All of these incidents happened within the last year, not centuries ago. Discrimina­tion and harassment of women in science still occurs at unacceptab­le levels, and those who speak out about sexual harassment are subjected to torrents of online abuse, including rape and death threats. It’s one of the reasons women don’t enter the field — or are fleeing it.

In the United States, women earn about half of doctorates in science and engineerin­g, yet they comprise only 21 percent of full science professors, 5 percent of full engineerin­g professors and 28 percent of the overall workforce. According to studies published by the National Academy of Sciences and the Rand Corporatio­n, female resumes are viewed more negatively, male scientists train fewer female students, and female scientists acquire 37 percent less grant funding.

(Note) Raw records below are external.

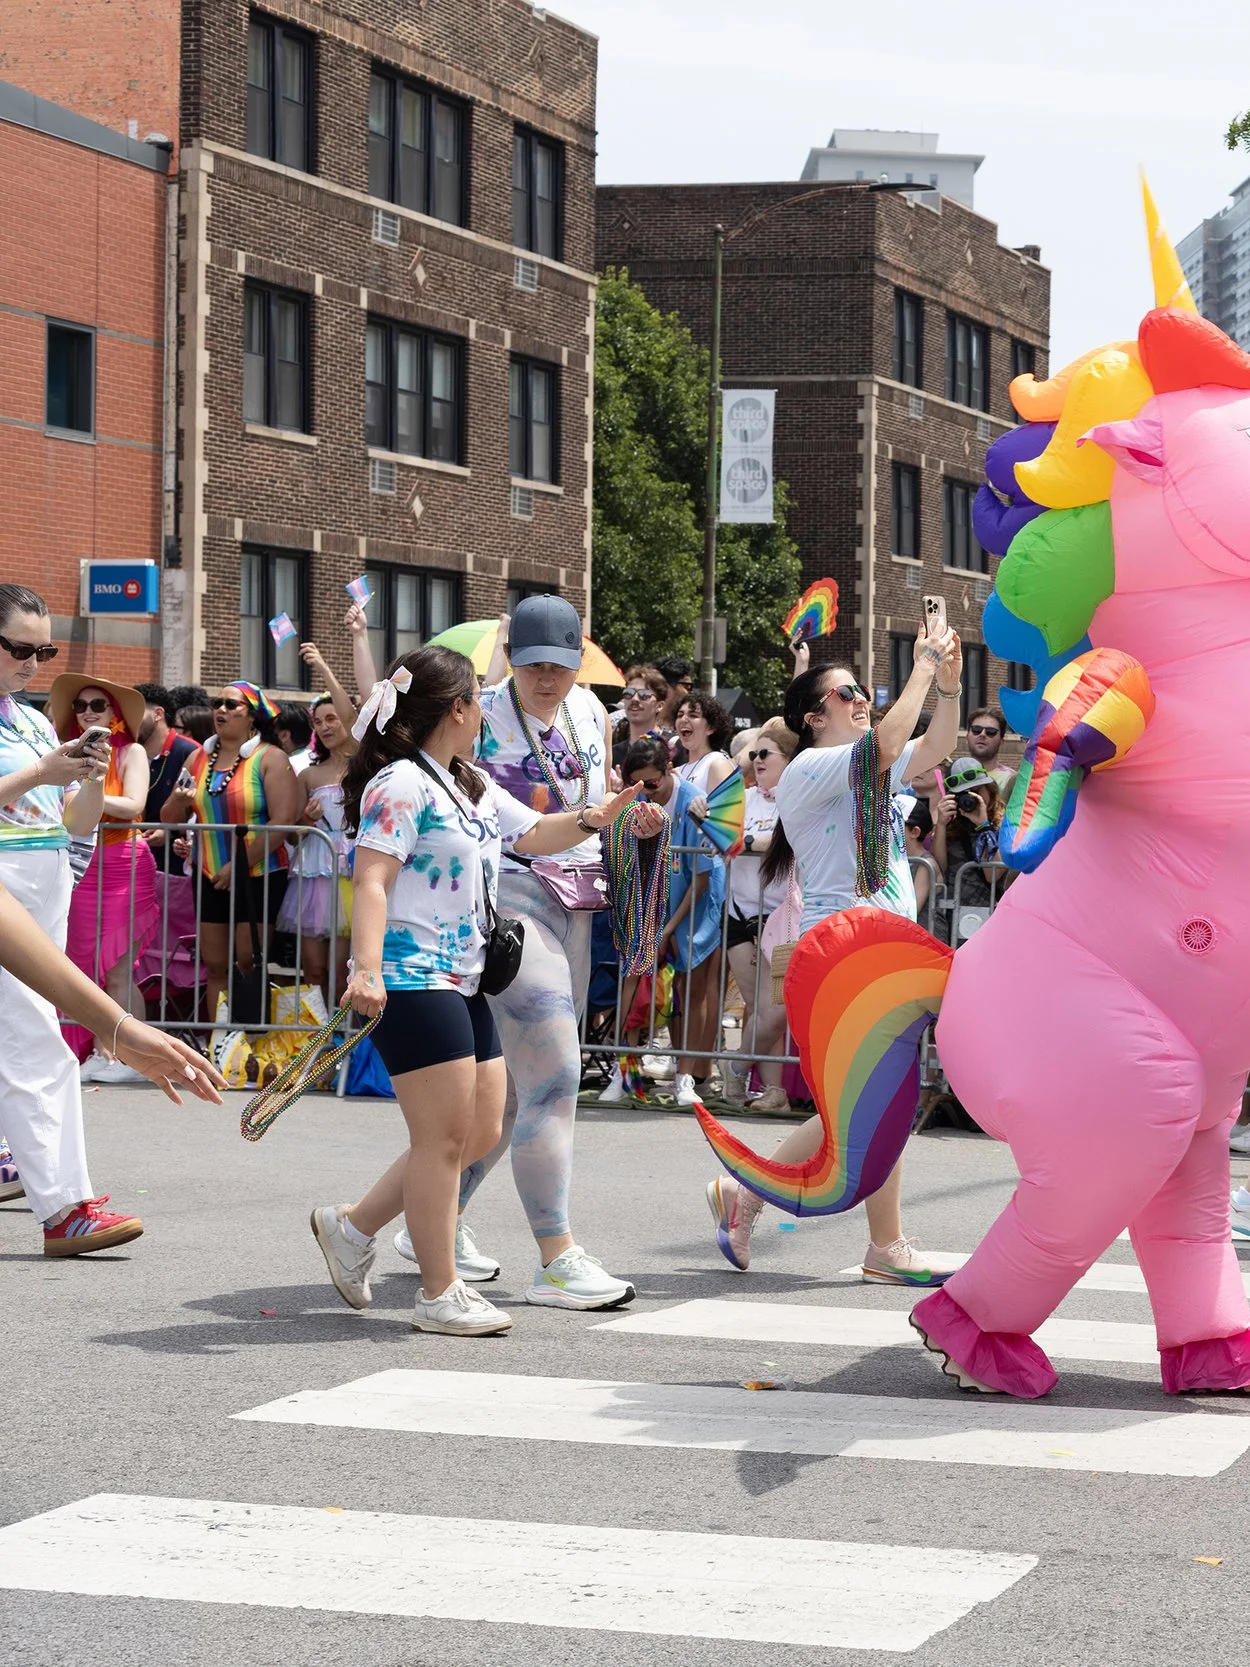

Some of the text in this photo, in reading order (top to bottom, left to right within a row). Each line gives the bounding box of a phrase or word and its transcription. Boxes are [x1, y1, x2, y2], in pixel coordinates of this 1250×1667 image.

[732, 403, 765, 419] third
[729, 419, 766, 432] space
[731, 463, 764, 479] third
[728, 480, 766, 493] space
[94, 584, 122, 594] BMO
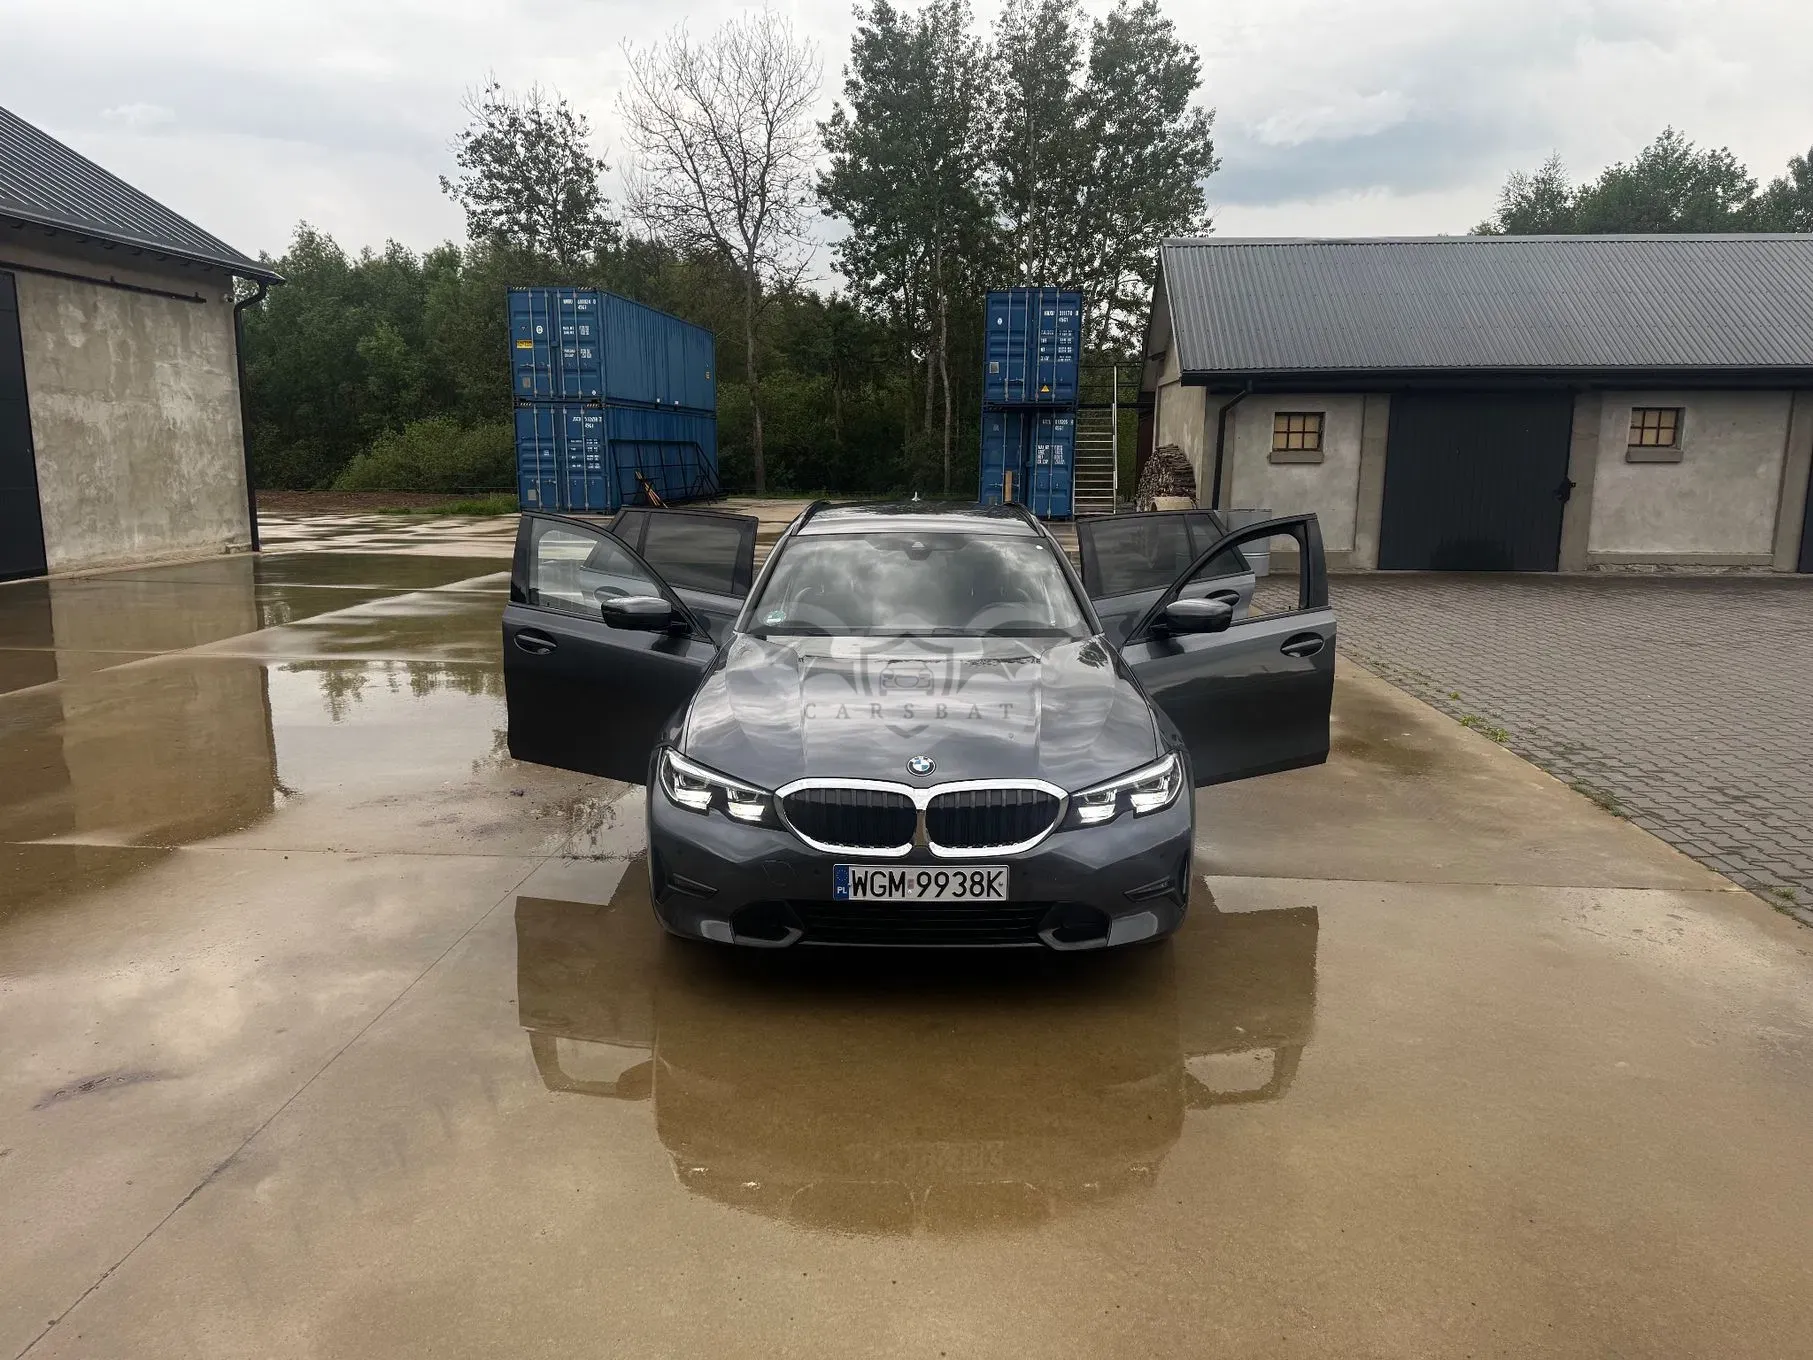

Equally troubling is the response within the scientific community: denial or silence.

This is borne out of data: a recent study in the Proceeding­s of the National Academy of Sciences showed that men, particular­ly male faculty in science, technology, engineerin­g and mathematic­s, were less likely to believe even quantitati­ve scientific data that gender bias exists in the STEM fields.

Last year, I sent a letter to the American Associatio­n for the Advancemen­t of Science and expressed my outrage about a Science cover depicting headless, sexualized transgende­r women. I also asked for a review, a climate survey and a stricter policy that labs could adopt for best practices.

The editors apologized for the cover, but in June the magazine published a career advice column by Dr. Alice S. Huang telling a female postdoc whose adviser keeps looking down her shirt that she should “put up with it, with good humor if (she) can.” Clearly, despite other admirable diversity efforts from the associatio­n, there is a problem. That’s why I sent another letter to the associatio­n last week asking them to become leaders in the fight against discrimina­tion in the sciences.

At the beginning of the 21st century, while we are exploring the solar system, unlocking the human genome and creating ever more advanced technology, the demographi­cs and attitudes of scientists and engineers must not be trapped in the 19th century. Women and minorities in science should be able to concentrat­e on discovery, not on avoiding harassment and defending their very existence in their fields.